A long-term bipolar treatment can be in the form of a Mood-Stabilizer Monotherapy or a Mood-Stabilizer Combination Therapy. Below, we will review these therapies.

In Jane Pauley's new book, Skywriting: A Life Out of the Blue, she writes openly about the life-changing experience of Bipolar disorder. She was eventually hospitalized in the spring of 2001 with the diagnosis of manic depression. With proper treatment, she is now free of the uncontrollable mood swings.

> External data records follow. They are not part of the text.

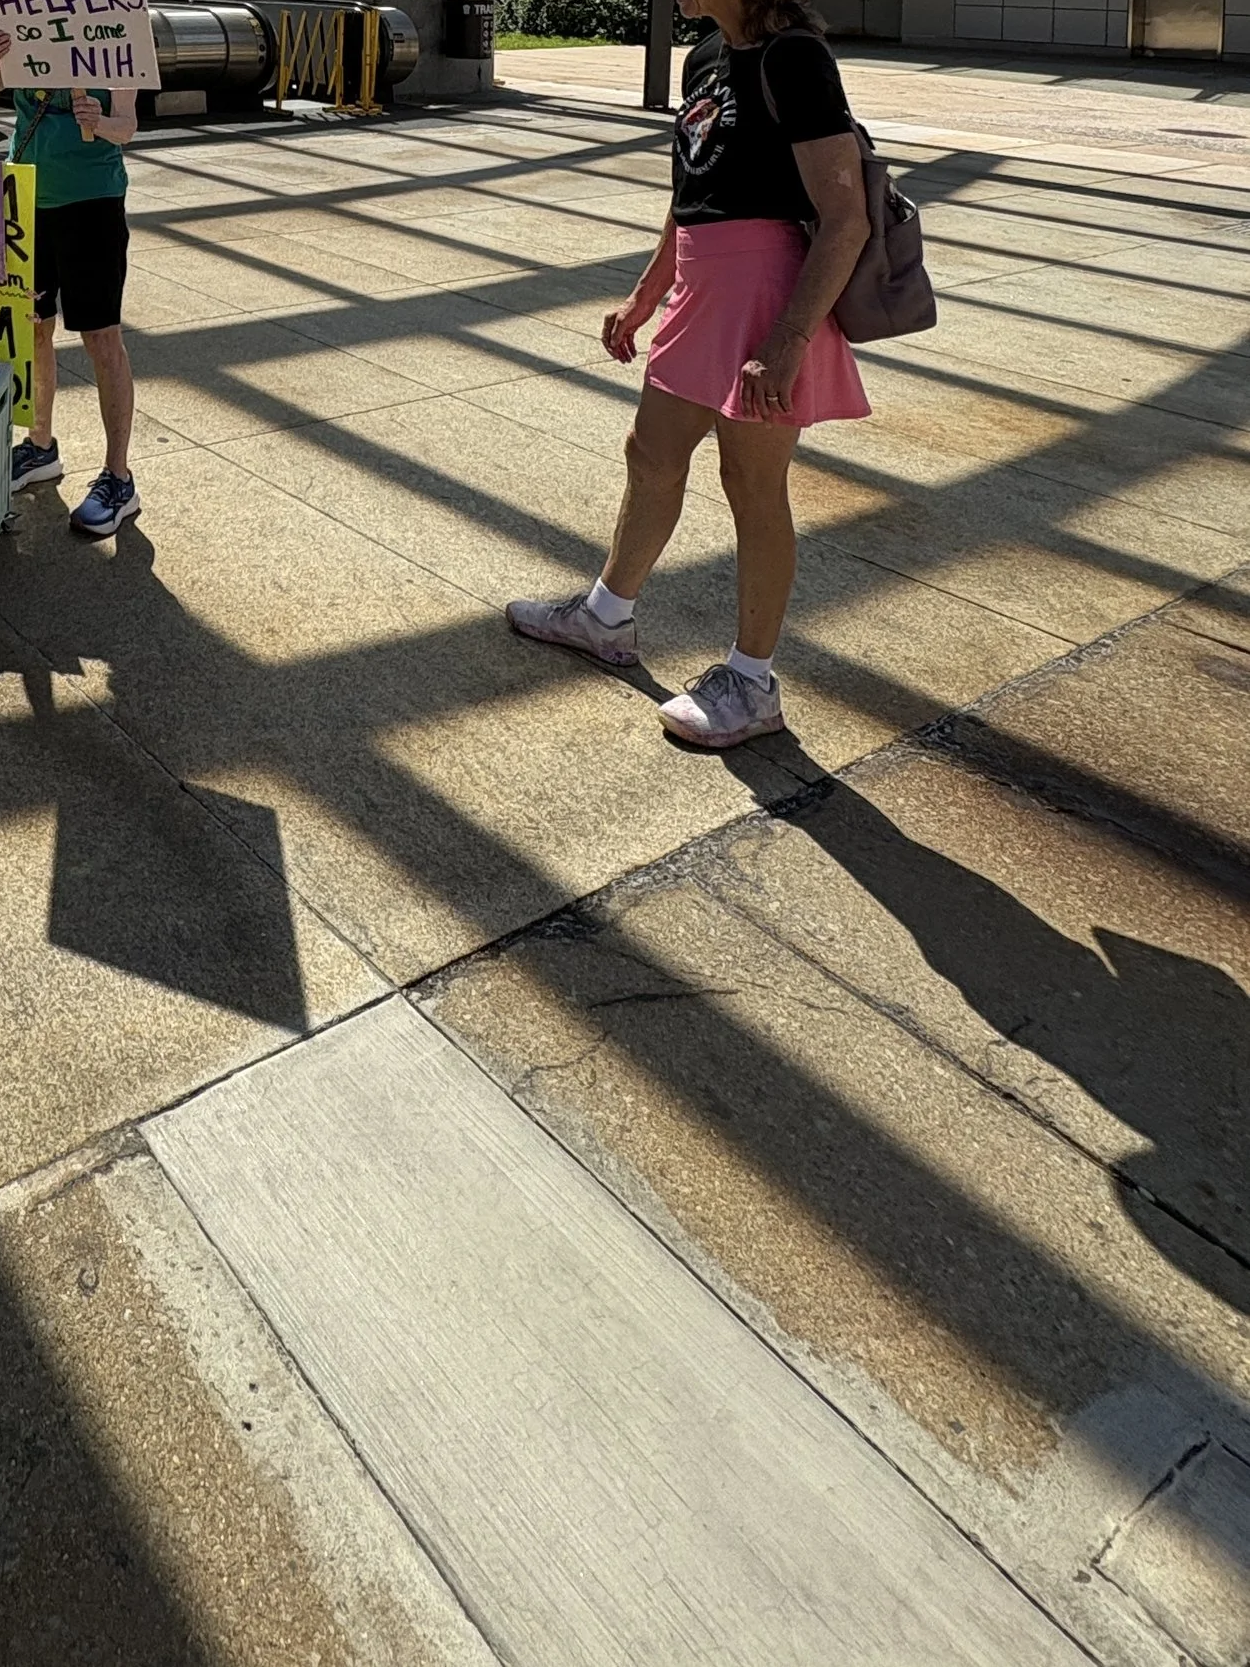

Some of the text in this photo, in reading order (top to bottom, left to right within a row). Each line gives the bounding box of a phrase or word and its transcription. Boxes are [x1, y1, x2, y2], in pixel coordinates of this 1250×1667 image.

[16, 17, 127, 43] so I came
[23, 43, 146, 79] to NIH.
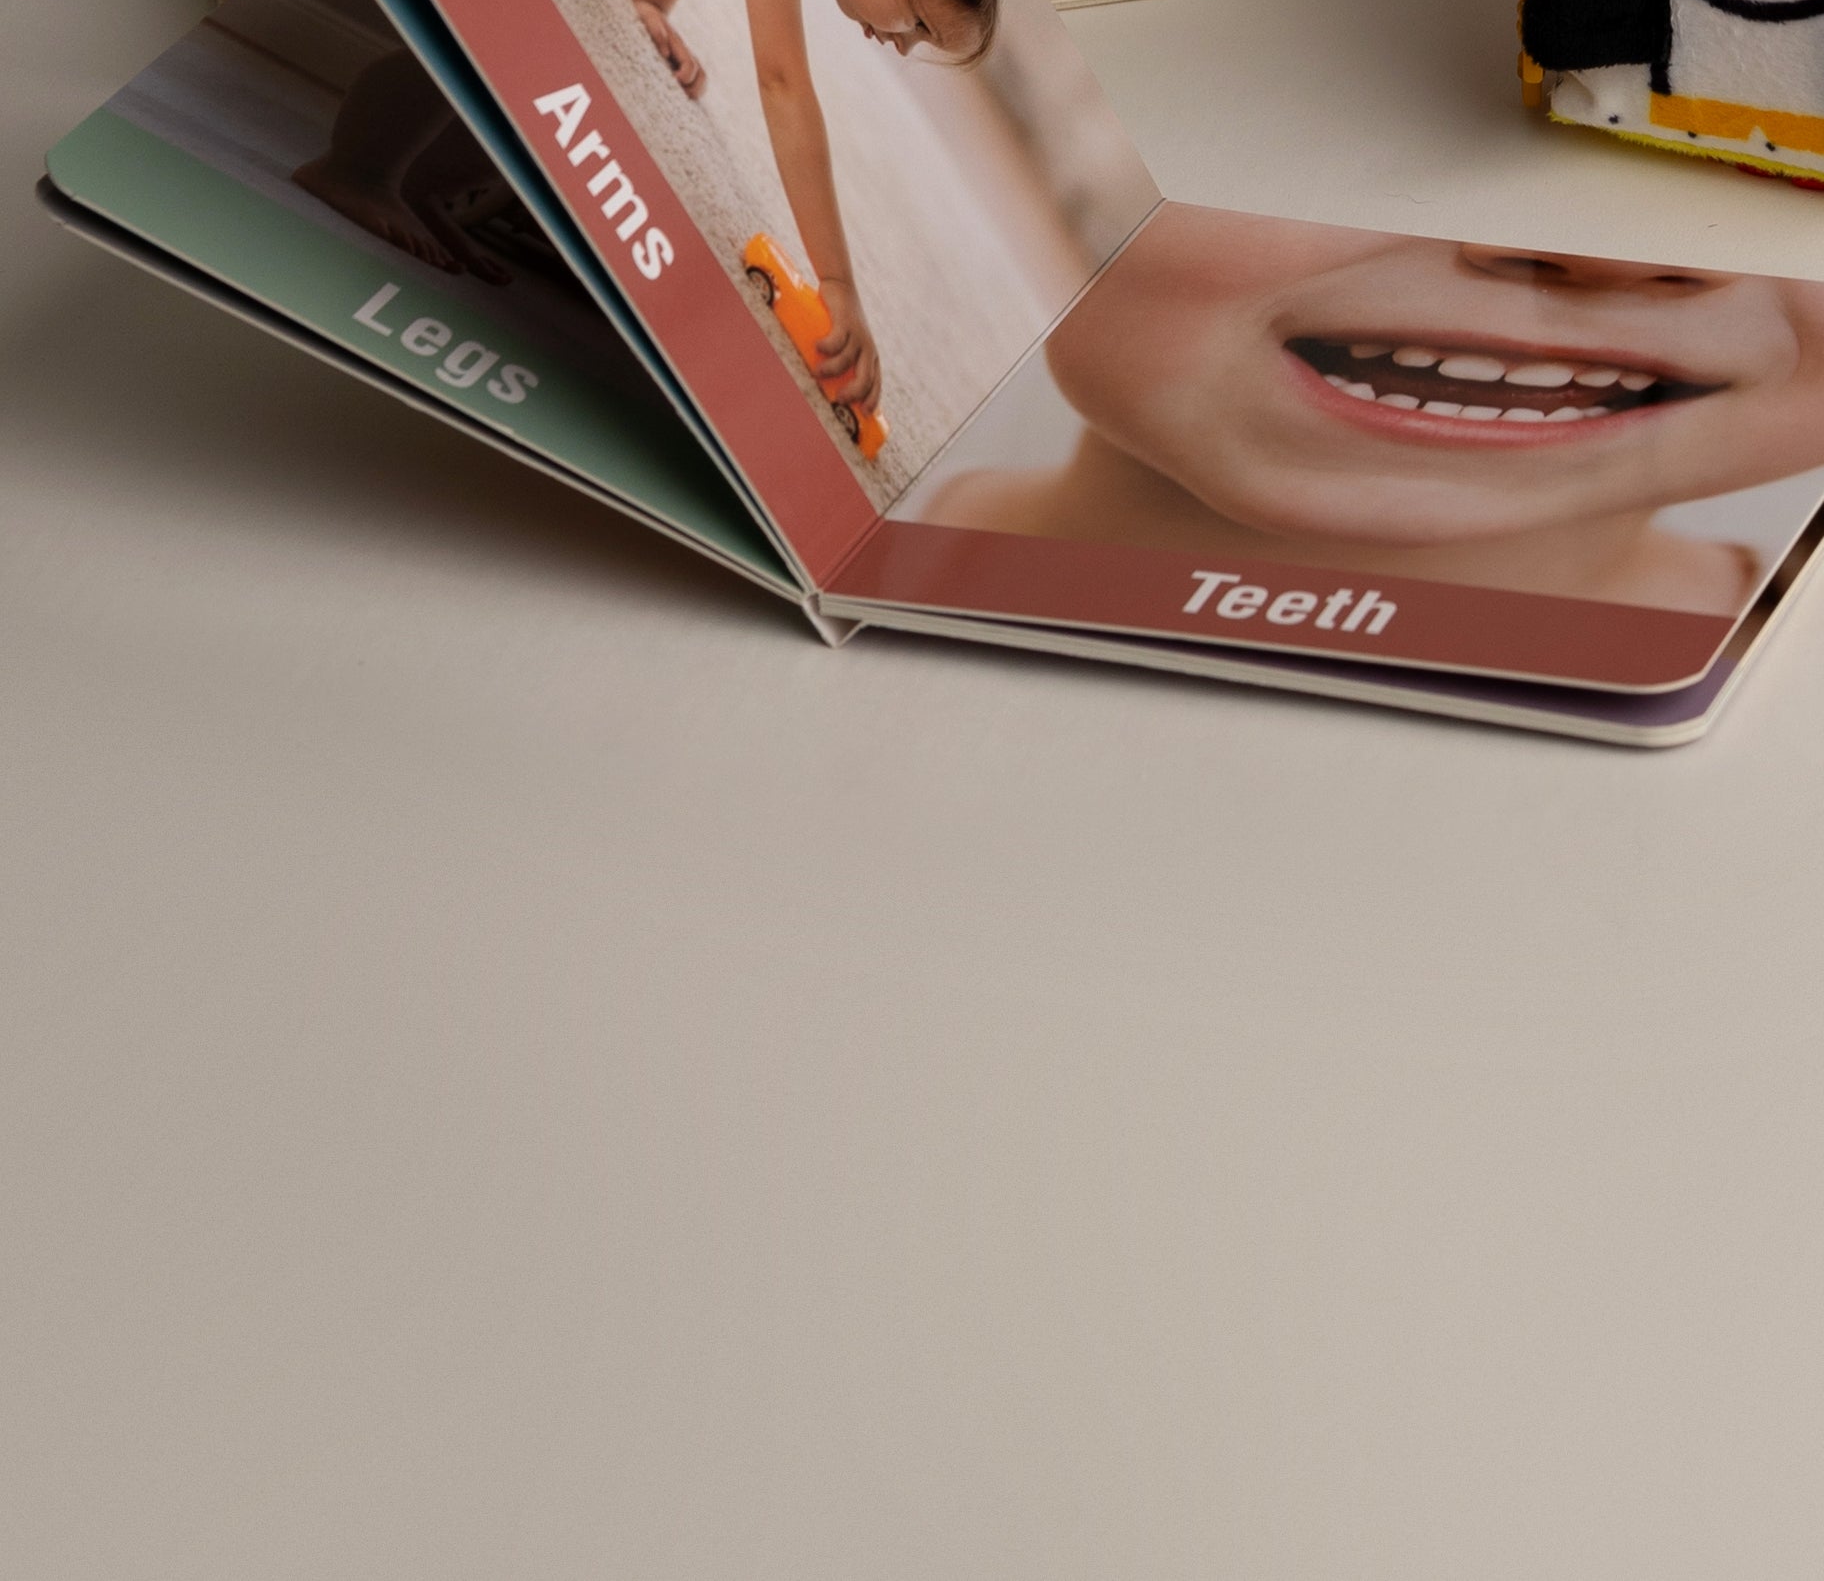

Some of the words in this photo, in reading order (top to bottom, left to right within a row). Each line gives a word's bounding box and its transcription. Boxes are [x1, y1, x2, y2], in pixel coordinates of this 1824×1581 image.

[533, 83, 675, 282] Arms
[352, 283, 540, 406] Legs
[1181, 570, 1398, 636] Teeth

Mood-Stabilizer Monotherapy

Placebo-controlled maintenance studies of lithium conducted in the late 1960s and early 1970s found that lithium reduced the risk of mood episode relapse fourfold compared with placebo at 6 months and 1 year.[Note 1] Lithium was a bipolar treatment comparable to olanzapine in preventing relapse into bipolar depression in a recently reported 1-year maintenance trial, but olanzapine was superior to lithium in preventing relapse into a manic episode and need for hospitalization.[Note 2] Olanzapine was a bipolar treatment superior to placebo in prevention of relapse into both manic and depressive episodes in another recently reported randomized, controlled maintenance study.[Note 3]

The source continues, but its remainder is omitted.